__TASK BRIEF__
Before copying the entries, remove the pictures; everything else stays exactly as it is.

(GIVEN INFORMATION)

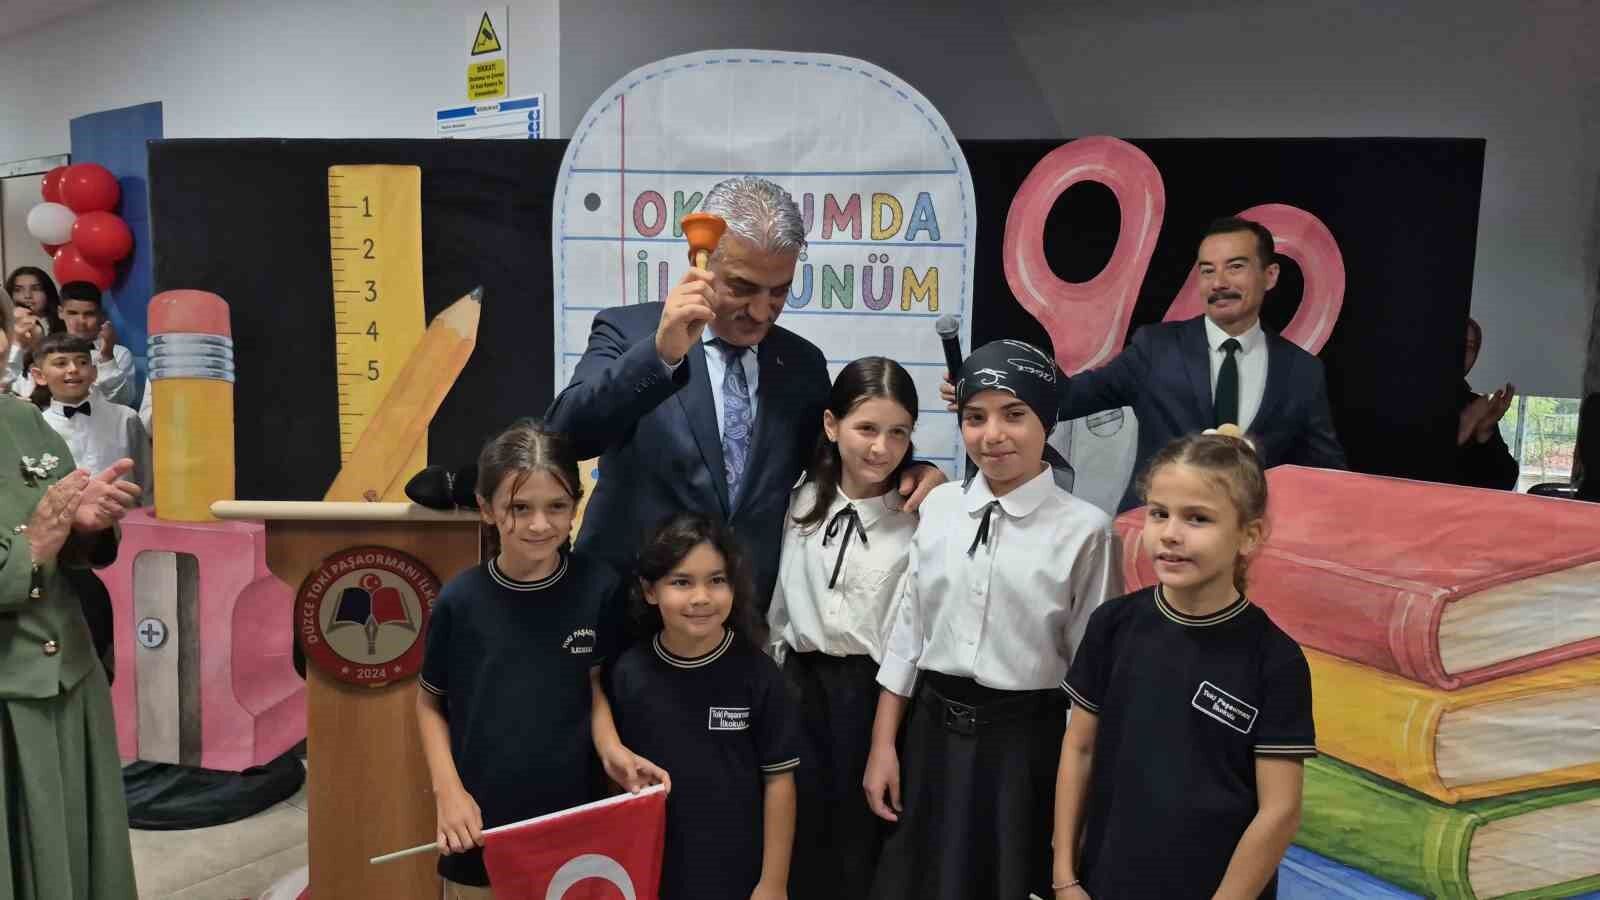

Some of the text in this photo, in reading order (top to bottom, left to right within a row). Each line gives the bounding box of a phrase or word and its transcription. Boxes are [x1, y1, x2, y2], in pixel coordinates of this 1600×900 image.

[361, 196, 373, 217] 1
[633, 190, 941, 242] OKMDA
[363, 238, 376, 259] 2
[364, 280, 377, 302] 3
[786, 252, 939, 312] ÜNÜM
[366, 321, 379, 342] 4
[367, 360, 380, 381] 5
[356, 667, 386, 679] 2024
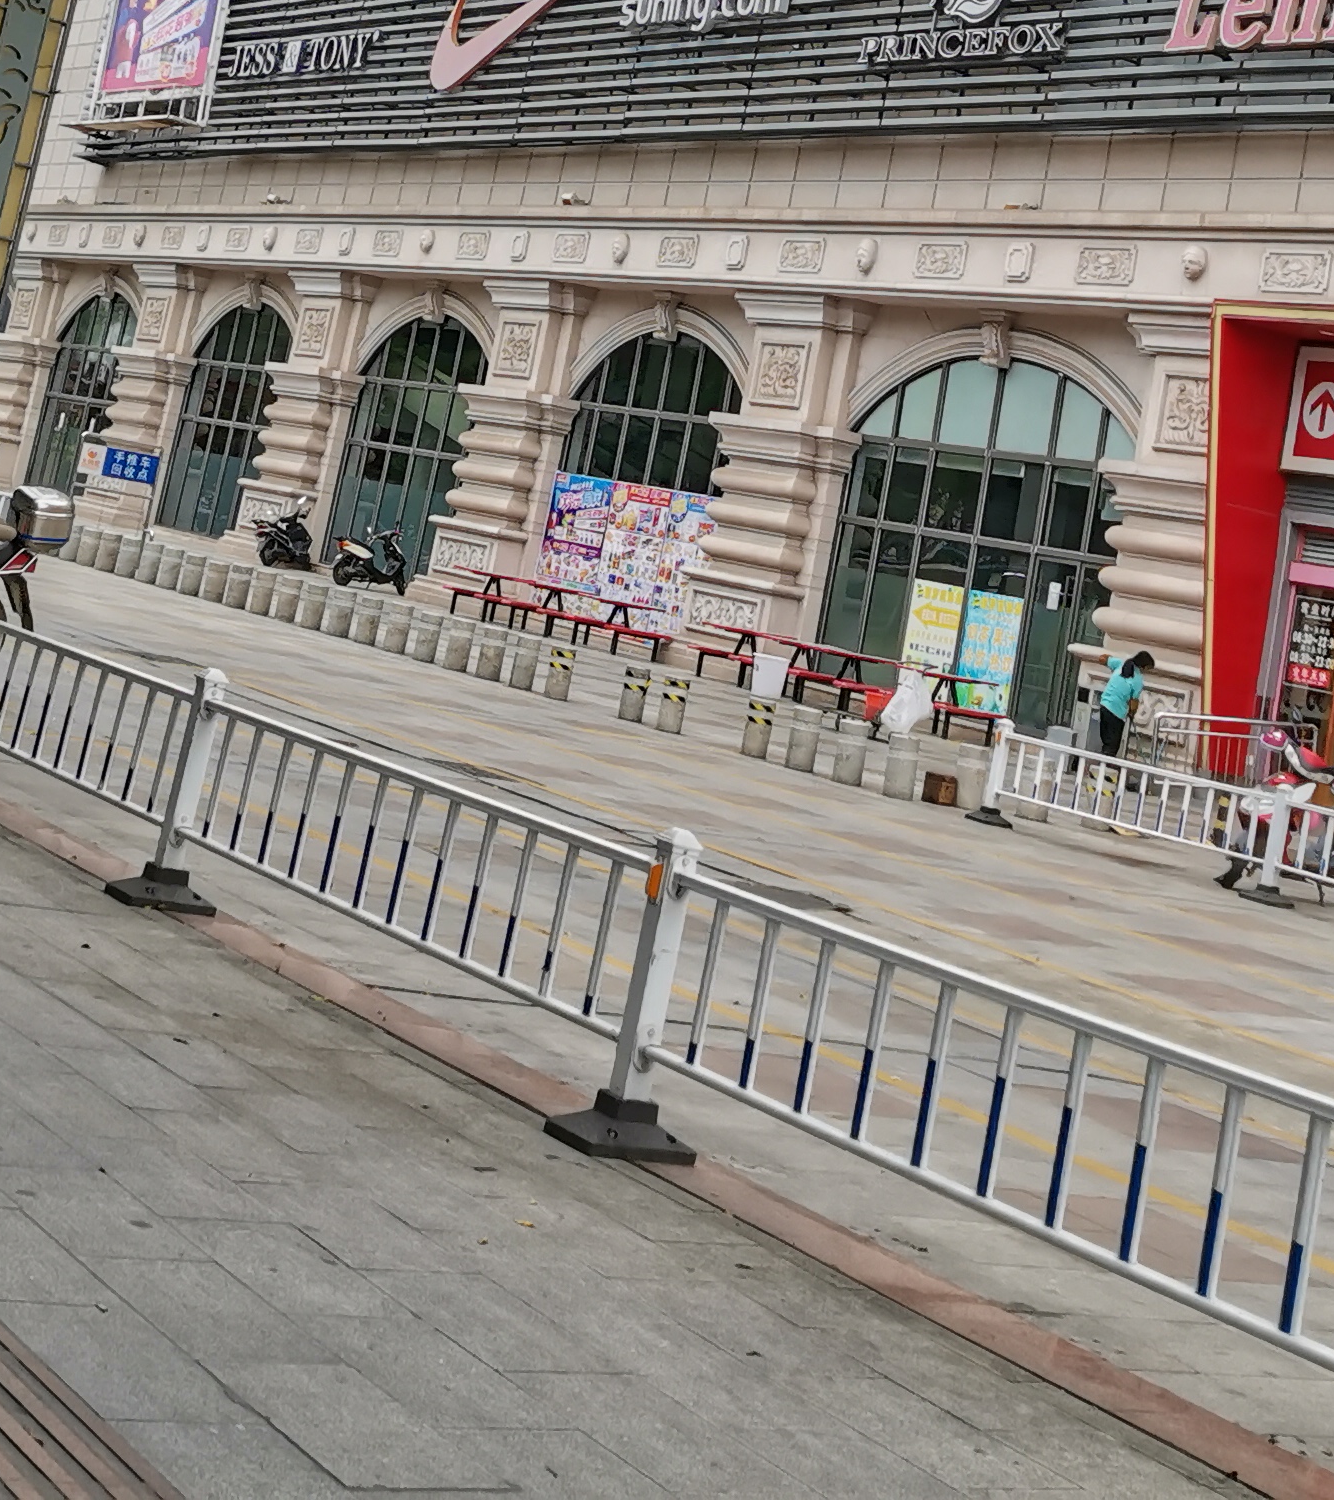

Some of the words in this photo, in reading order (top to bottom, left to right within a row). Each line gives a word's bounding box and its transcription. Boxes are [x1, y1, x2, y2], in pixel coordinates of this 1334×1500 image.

[113, 451, 151, 468] 手推车
[110, 463, 149, 481] 回收点

(End GIVEN INFORMATION)

__RESPONSE BELOW__
Some of the text in this photo, in reading order (top to bottom, left to right within a row). Each line gives the bounding box of a phrase or word and its transcription. Boxes are [x1, y1, x2, y2], in pixel coordinates of this 1600×900 image.

[361, 196, 373, 217] 1
[633, 190, 941, 242] OKMDA
[363, 238, 376, 259] 2
[364, 280, 377, 302] 3
[786, 252, 939, 312] ÜNÜM
[366, 321, 379, 342] 4
[367, 360, 380, 381] 5
[356, 667, 386, 679] 2024

Some of the words in this photo, in reading order (top to bottom, left to right within a row). Each line gives a word's bounding box and its transcription. Boxes are [x1, y1, x2, y2], in pixel coordinates of this 1334×1500 image.

[113, 451, 151, 468] 手推车
[110, 463, 149, 481] 回收点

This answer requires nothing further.